DATA SHOWN –

::::::::::

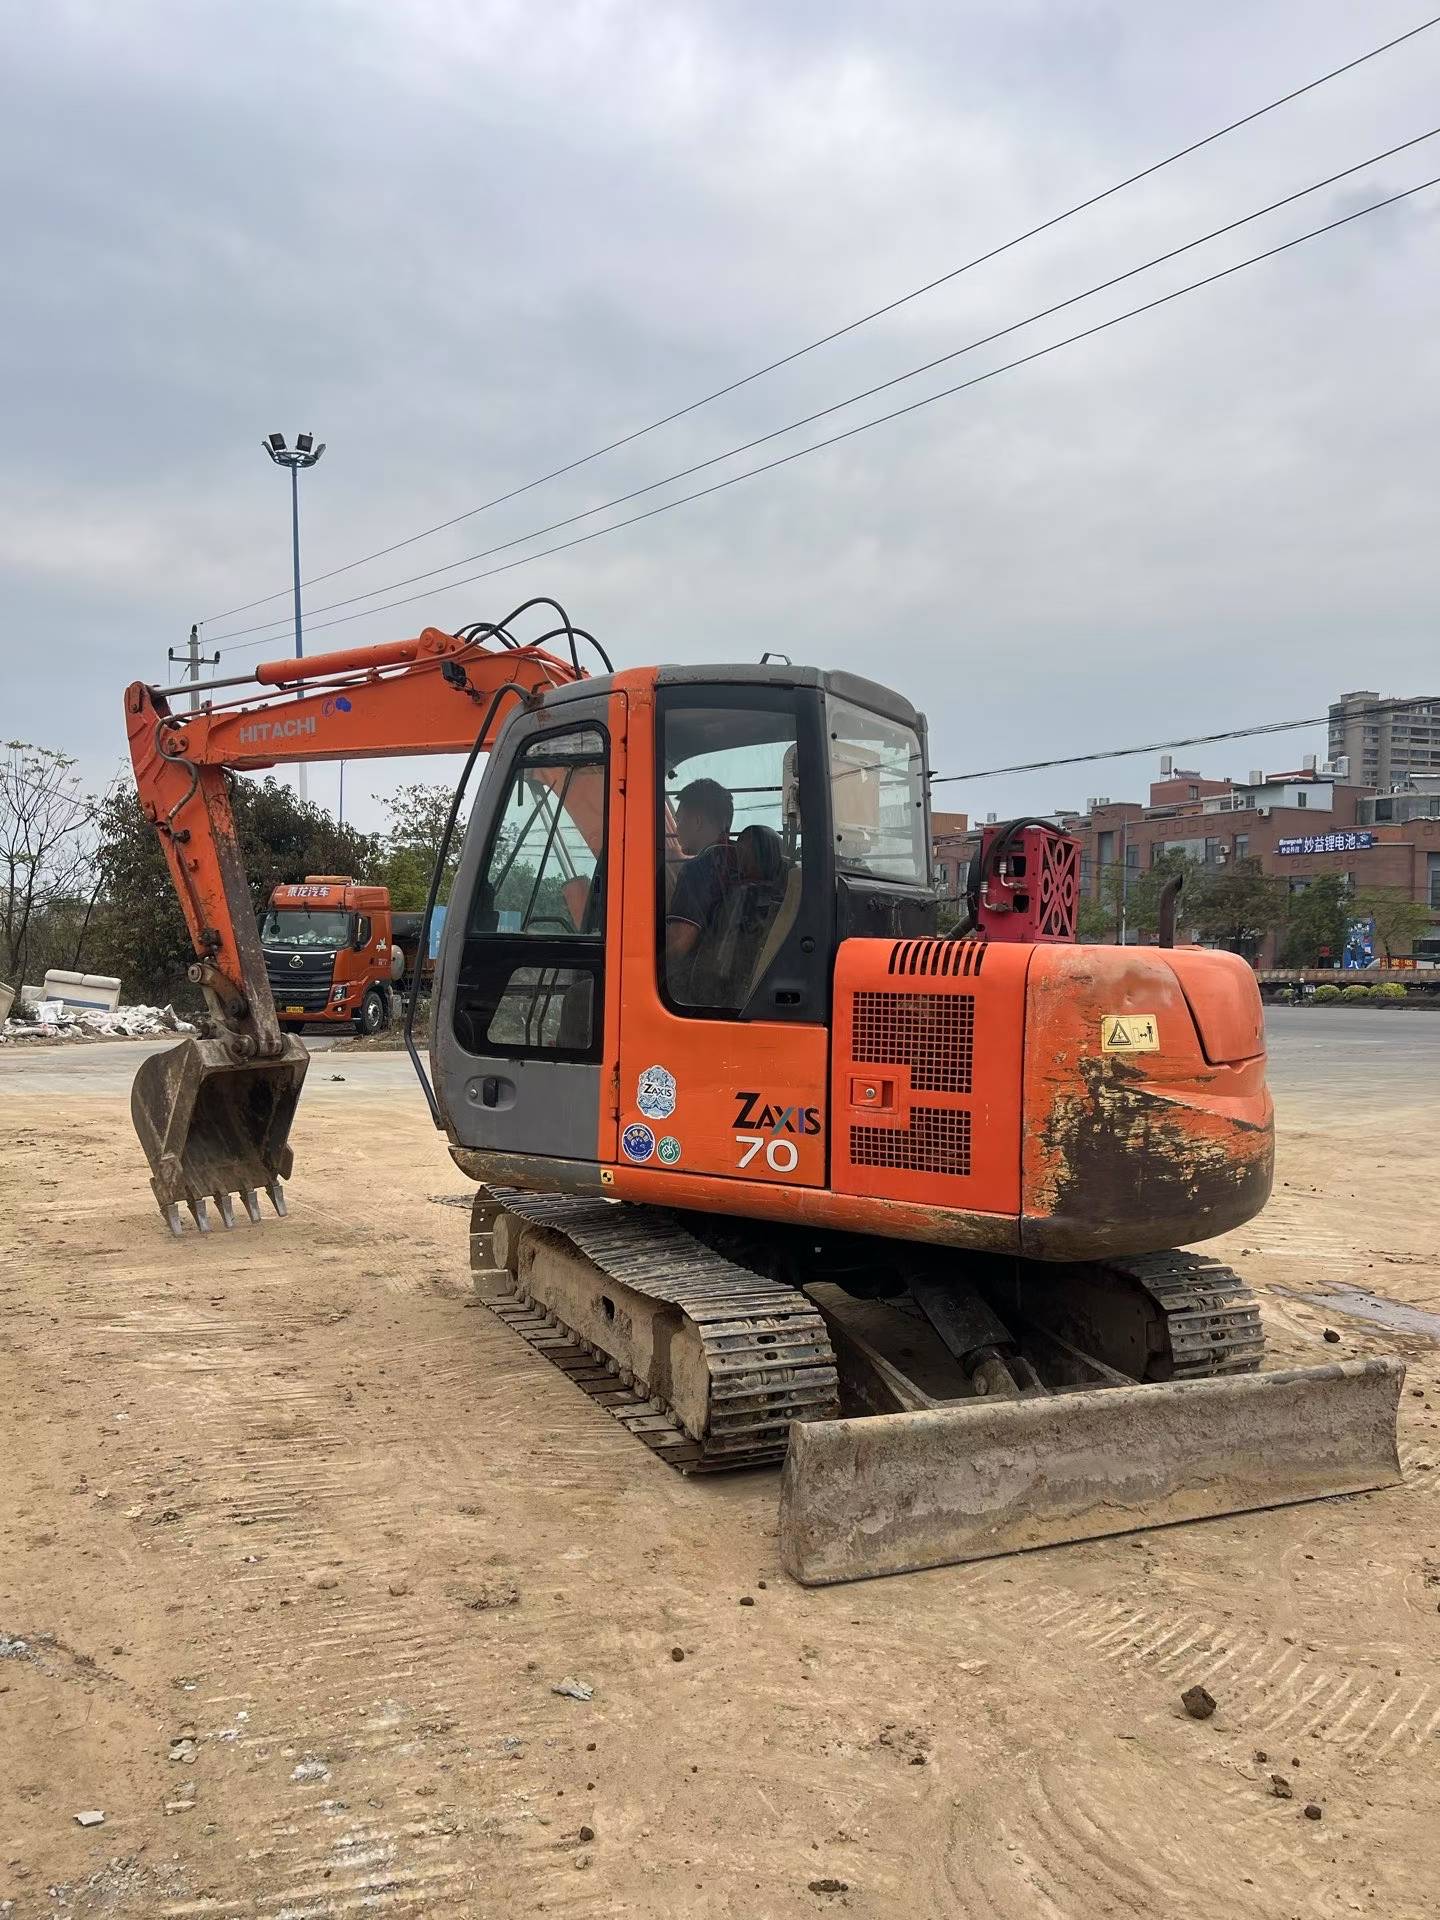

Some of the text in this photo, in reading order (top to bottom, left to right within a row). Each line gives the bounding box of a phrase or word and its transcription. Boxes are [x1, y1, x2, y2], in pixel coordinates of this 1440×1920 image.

[240, 716, 316, 743] HITACHI
[1304, 834, 1356, 853] 妙益锂电池
[643, 1083, 673, 1098] ZAXIS
[732, 1092, 821, 1135] ZAXIS
[735, 1136, 798, 1172] 70

::::::::::

WHAT THE TASK ASKS – Could you reproduce every record above exactly, leaving out the pictures?

ANSWER FOR THIS EXERCISE –
Some of the text in this photo, in reading order (top to bottom, left to right within a row). Each line gives the bounding box of a phrase or word and its transcription. Boxes are [x1, y1, x2, y2], in pixel coordinates of this 1440×1920 image.

[240, 716, 316, 743] HITACHI
[1304, 834, 1356, 853] 妙益锂电池
[643, 1083, 673, 1098] ZAXIS
[732, 1092, 821, 1135] ZAXIS
[735, 1136, 798, 1172] 70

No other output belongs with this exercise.